START MATERIALS PROVIDED
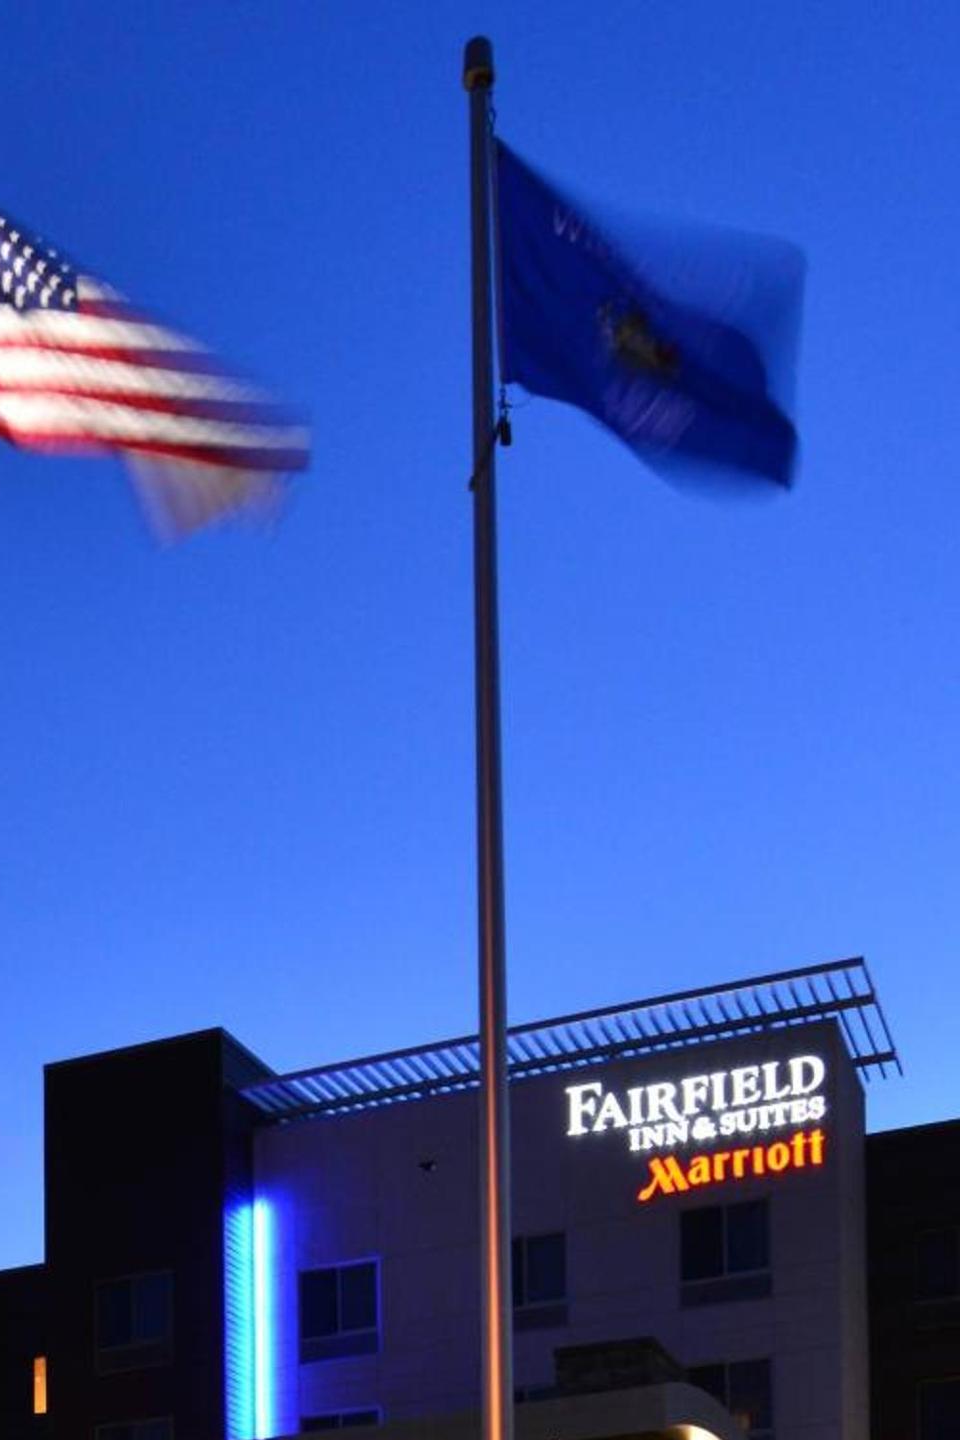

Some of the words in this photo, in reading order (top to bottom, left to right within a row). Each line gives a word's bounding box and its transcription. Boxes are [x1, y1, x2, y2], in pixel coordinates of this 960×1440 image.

[565, 1054, 826, 1136] FAIRFIELD
[628, 1119, 689, 1152] INN
[719, 1096, 826, 1136] SUITES
[637, 1128, 827, 1202] Marriott
END MATERIALS PROVIDED
Your answer must be the records exactly as they stand, with no pictures in it.

▶ **SOLUTION TO THE PROBLEM**
Some of the words in this photo, in reading order (top to bottom, left to right within a row). Each line gives a word's bounding box and its transcription. Boxes are [x1, y1, x2, y2], in pixel coordinates of this 960×1440 image.

[565, 1054, 826, 1136] FAIRFIELD
[628, 1119, 689, 1152] INN
[719, 1096, 826, 1136] SUITES
[637, 1128, 827, 1202] Marriott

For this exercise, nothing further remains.